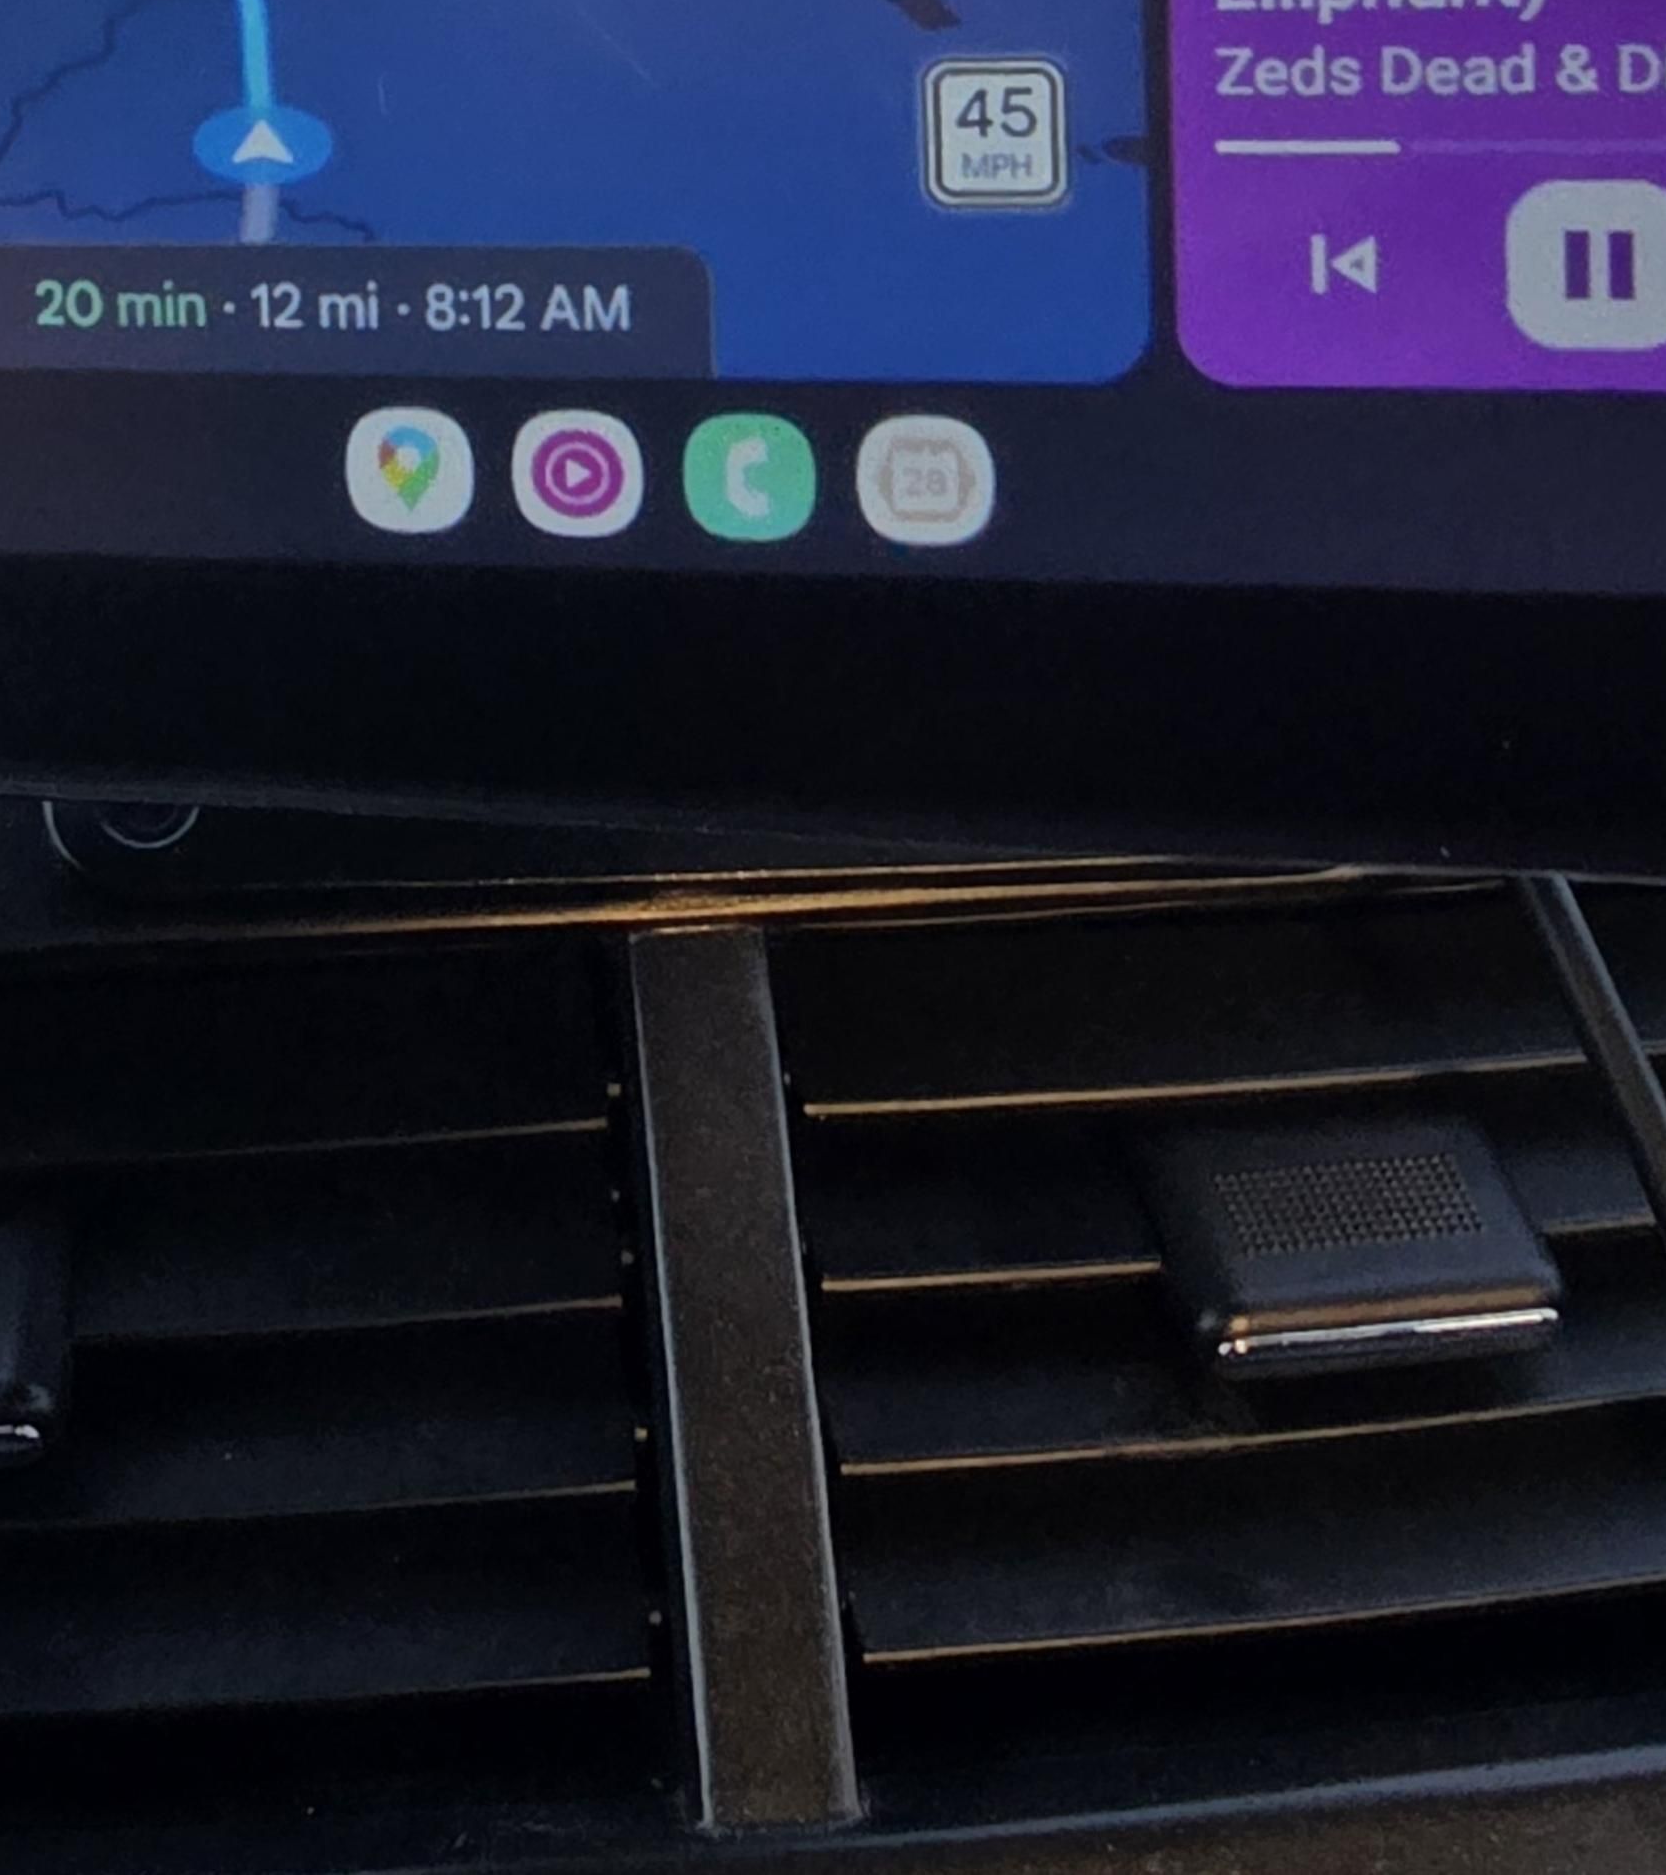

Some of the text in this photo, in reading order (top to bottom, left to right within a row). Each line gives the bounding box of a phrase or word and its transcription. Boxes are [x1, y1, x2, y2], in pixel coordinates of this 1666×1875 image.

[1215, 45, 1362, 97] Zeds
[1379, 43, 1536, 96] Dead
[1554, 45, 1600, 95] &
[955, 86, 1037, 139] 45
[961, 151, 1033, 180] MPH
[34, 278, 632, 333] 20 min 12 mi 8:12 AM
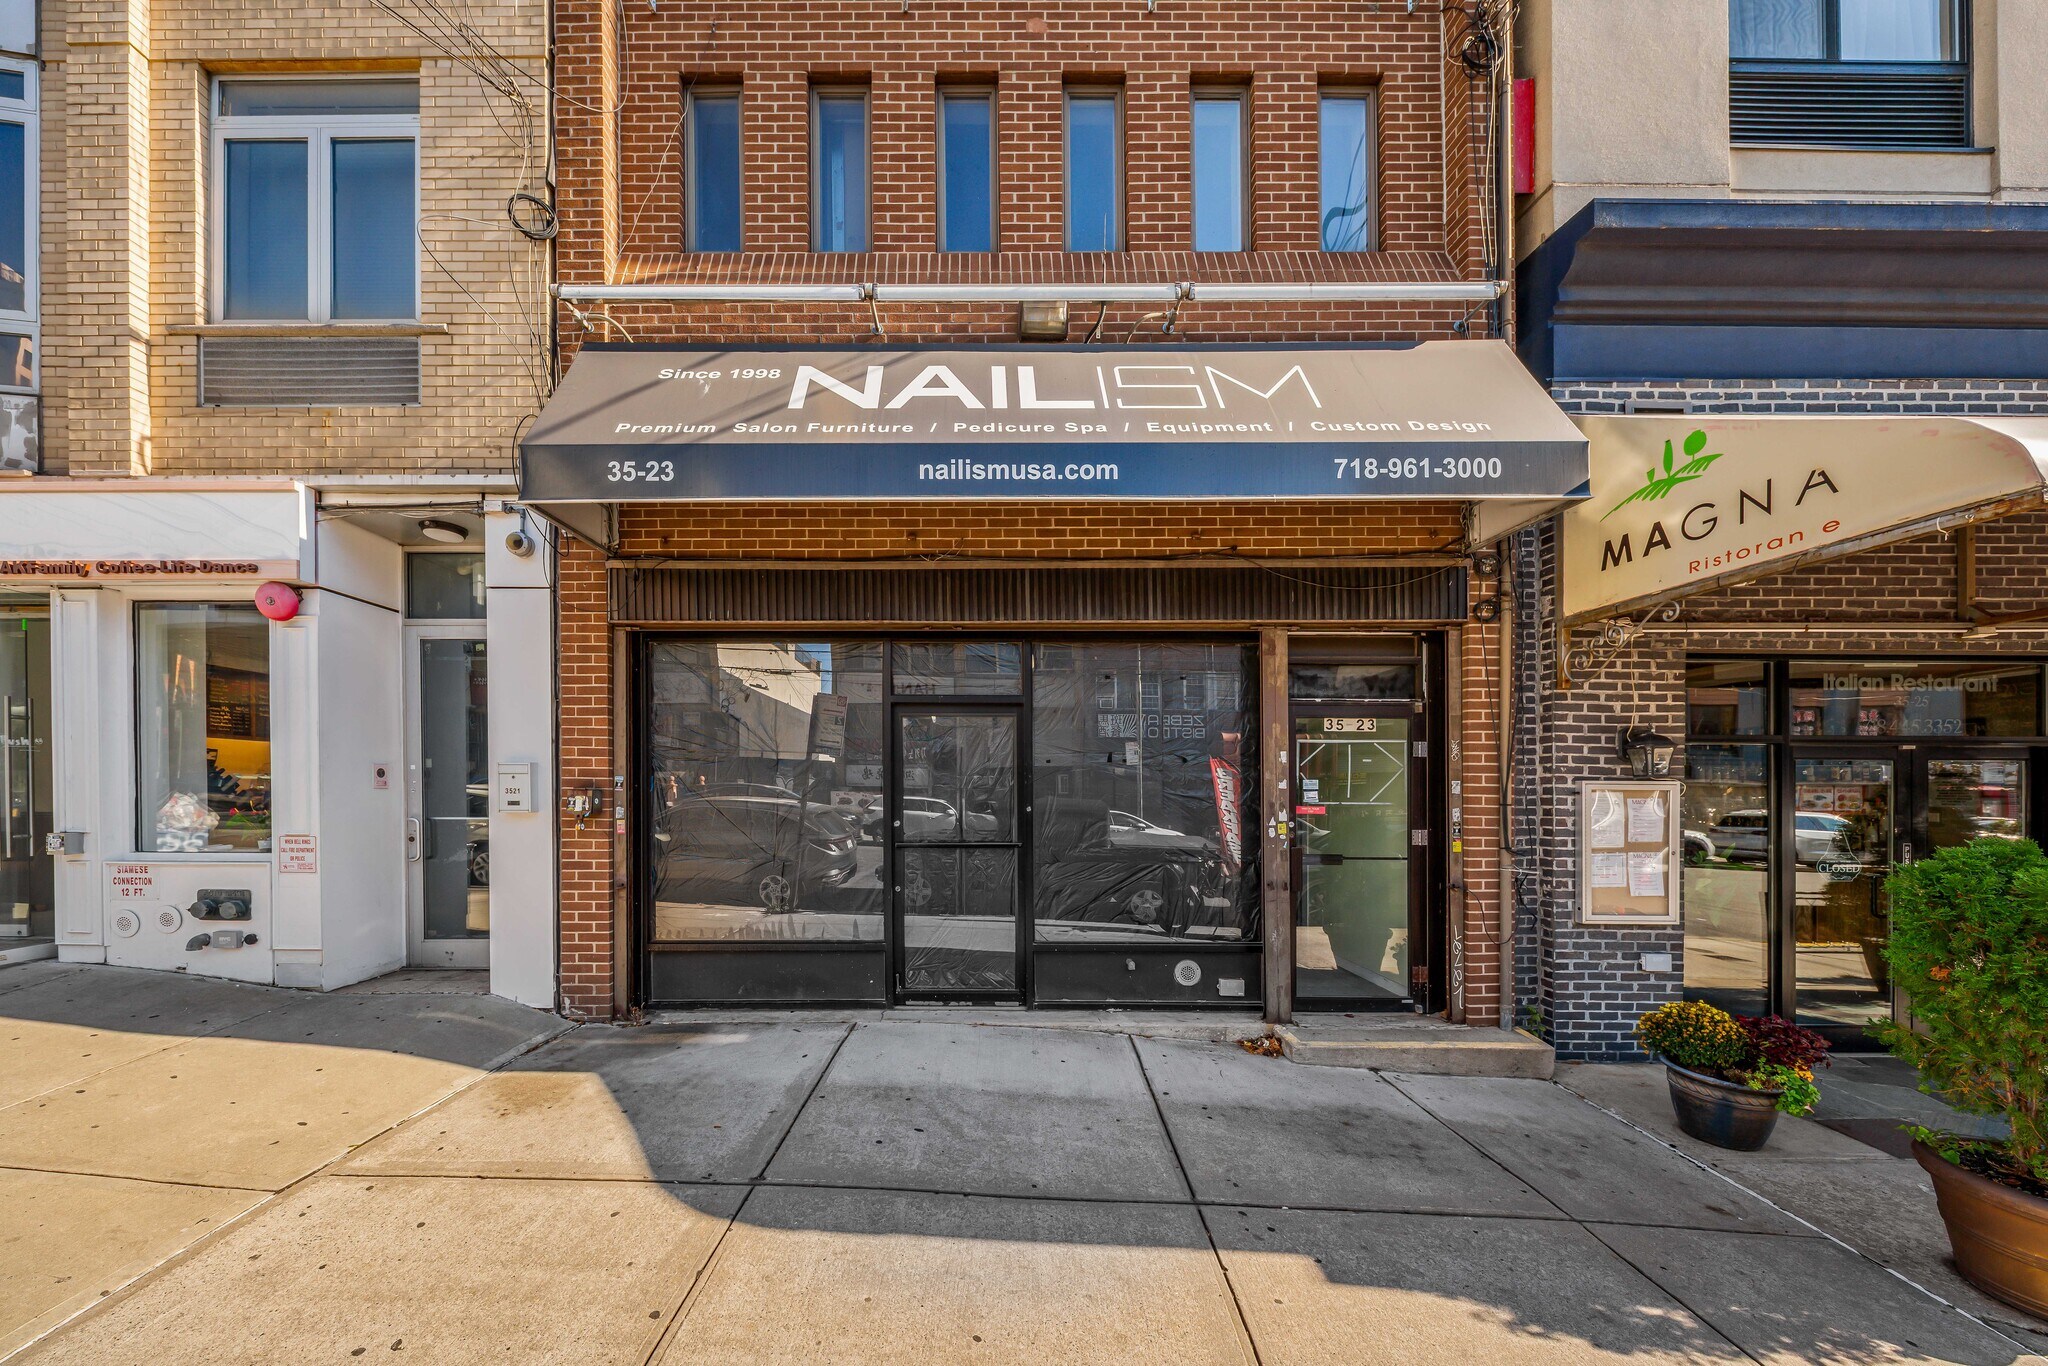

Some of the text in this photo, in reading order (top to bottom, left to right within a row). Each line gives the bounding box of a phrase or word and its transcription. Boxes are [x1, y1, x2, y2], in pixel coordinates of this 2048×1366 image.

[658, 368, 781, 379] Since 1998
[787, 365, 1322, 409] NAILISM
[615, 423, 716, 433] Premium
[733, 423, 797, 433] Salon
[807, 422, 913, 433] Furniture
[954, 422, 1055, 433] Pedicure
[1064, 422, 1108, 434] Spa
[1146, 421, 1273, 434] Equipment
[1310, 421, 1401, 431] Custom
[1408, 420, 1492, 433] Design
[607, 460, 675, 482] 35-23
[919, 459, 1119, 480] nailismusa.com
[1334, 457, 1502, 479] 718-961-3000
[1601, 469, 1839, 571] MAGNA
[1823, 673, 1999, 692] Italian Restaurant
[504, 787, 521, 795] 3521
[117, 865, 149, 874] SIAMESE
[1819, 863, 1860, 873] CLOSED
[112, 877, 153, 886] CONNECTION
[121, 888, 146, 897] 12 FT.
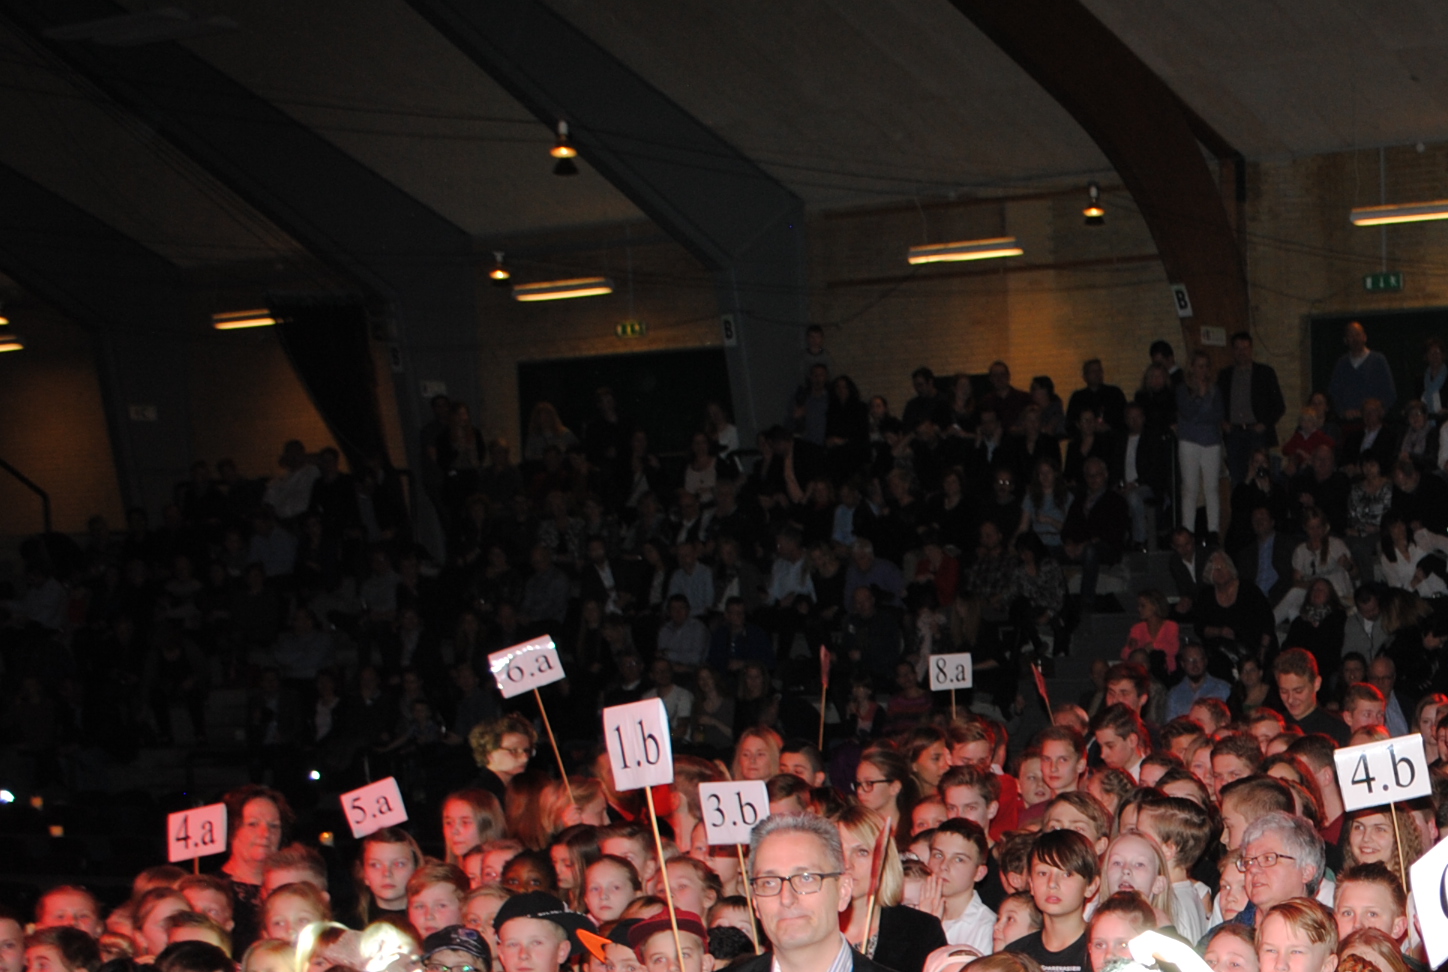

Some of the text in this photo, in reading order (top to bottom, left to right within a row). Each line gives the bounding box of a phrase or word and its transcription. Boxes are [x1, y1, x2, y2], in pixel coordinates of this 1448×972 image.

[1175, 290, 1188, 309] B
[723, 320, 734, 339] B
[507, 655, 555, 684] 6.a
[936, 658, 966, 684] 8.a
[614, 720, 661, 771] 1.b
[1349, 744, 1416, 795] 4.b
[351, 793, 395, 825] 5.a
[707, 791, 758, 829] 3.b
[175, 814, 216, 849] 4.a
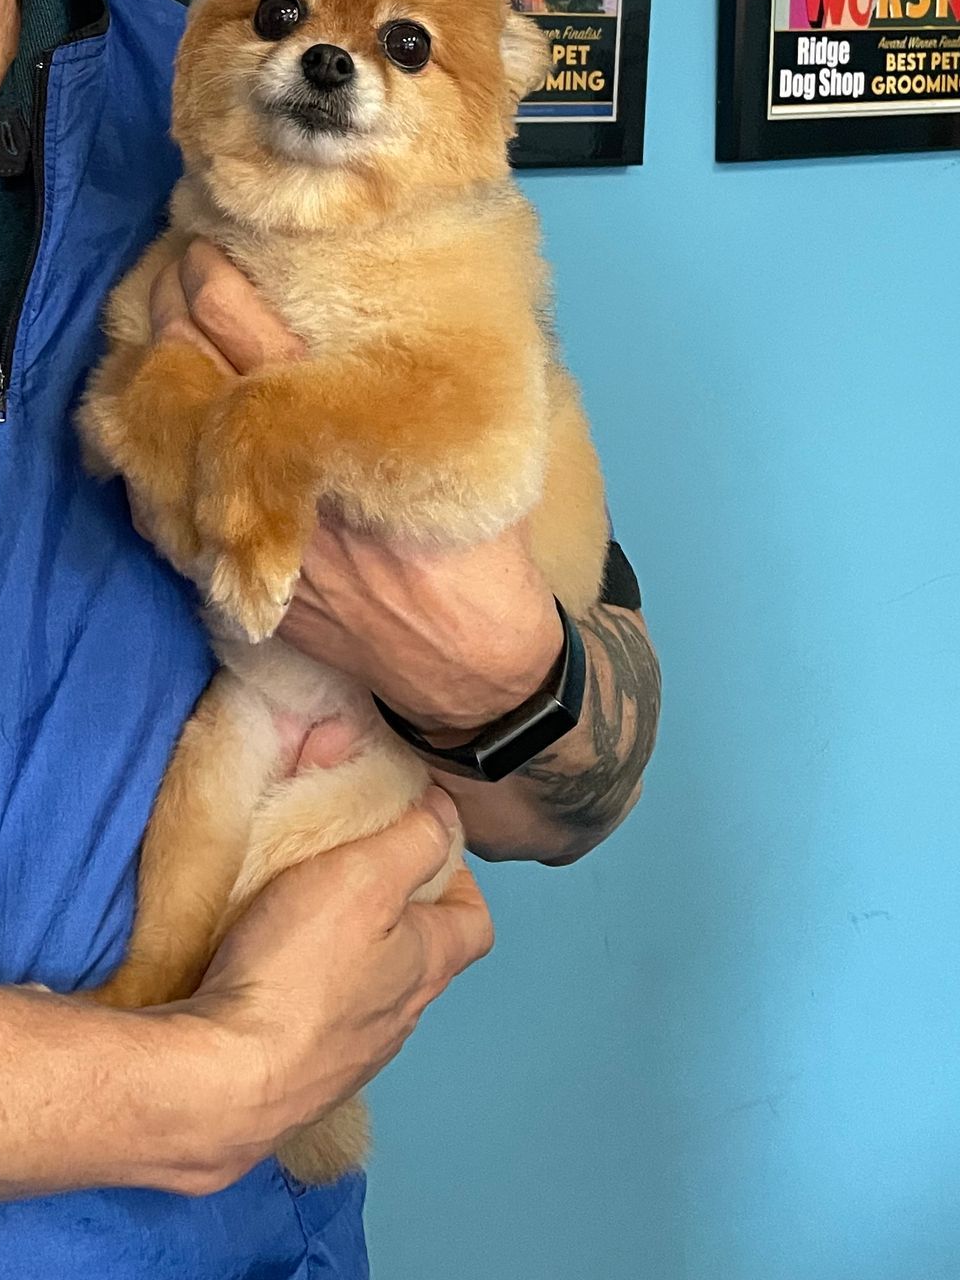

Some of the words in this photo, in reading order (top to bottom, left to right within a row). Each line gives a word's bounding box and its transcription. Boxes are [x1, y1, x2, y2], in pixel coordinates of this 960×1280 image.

# Aim of the task
Exactly as written, restate the listing above with its pictures omitted.

# Answer to the problem
Some of the text in this photo, in reading order (top to bottom, left to right within a row). Each line gives the bounding box of a phrase or word and its transcription. Boxes are [x1, y1, x2, y2], in pixel coordinates of this 1666×1875 image.

[1215, 45, 1362, 97] Zeds
[1379, 43, 1536, 96] Dead
[1554, 45, 1600, 95] &
[955, 86, 1037, 139] 45
[961, 151, 1033, 180] MPH
[34, 278, 632, 333] 20 min 12 mi 8:12 AM

Some of the text in this photo, in reading order (top to bottom, left to right within a row). Each line gives the bounding box of a phrase or word and its transcription. Boxes are [x1, y1, x2, y2], in pixel coordinates of this 2048×1366 image.

[658, 368, 781, 379] Since 1998
[787, 365, 1322, 409] NAILISM
[615, 423, 716, 433] Premium
[733, 423, 797, 433] Salon
[807, 422, 913, 433] Furniture
[954, 422, 1055, 433] Pedicure
[1064, 422, 1108, 434] Spa
[1146, 421, 1273, 434] Equipment
[1310, 421, 1401, 431] Custom
[1408, 420, 1492, 433] Design
[607, 460, 675, 482] 35-23
[919, 459, 1119, 480] nailismusa.com
[1334, 457, 1502, 479] 718-961-3000
[1601, 469, 1839, 571] MAGNA
[1823, 673, 1999, 692] Italian Restaurant
[504, 787, 521, 795] 3521
[117, 865, 149, 874] SIAMESE
[1819, 863, 1860, 873] CLOSED
[112, 877, 153, 886] CONNECTION
[121, 888, 146, 897] 12 FT.

Some of the text in this photo, in reading order (top to bottom, left to right within a row). Each line gives the bounding box of a phrase or word and its transcription. Boxes are [x1, y1, x2, y2], in pixel coordinates of this 1448×972 image.

[1175, 290, 1188, 309] B
[723, 320, 734, 339] B
[507, 655, 555, 684] 6.a
[936, 658, 966, 684] 8.a
[614, 720, 661, 771] 1.b
[1349, 744, 1416, 795] 4.b
[351, 793, 395, 825] 5.a
[707, 791, 758, 829] 3.b
[175, 814, 216, 849] 4.a

Some of the words in this photo, in reading order (top to bottom, left to right within a row). Each line gives a word's bounding box and its transcription. Boxes are [x1, y1, x2, y2], in pixel coordinates of this 960×1280 image.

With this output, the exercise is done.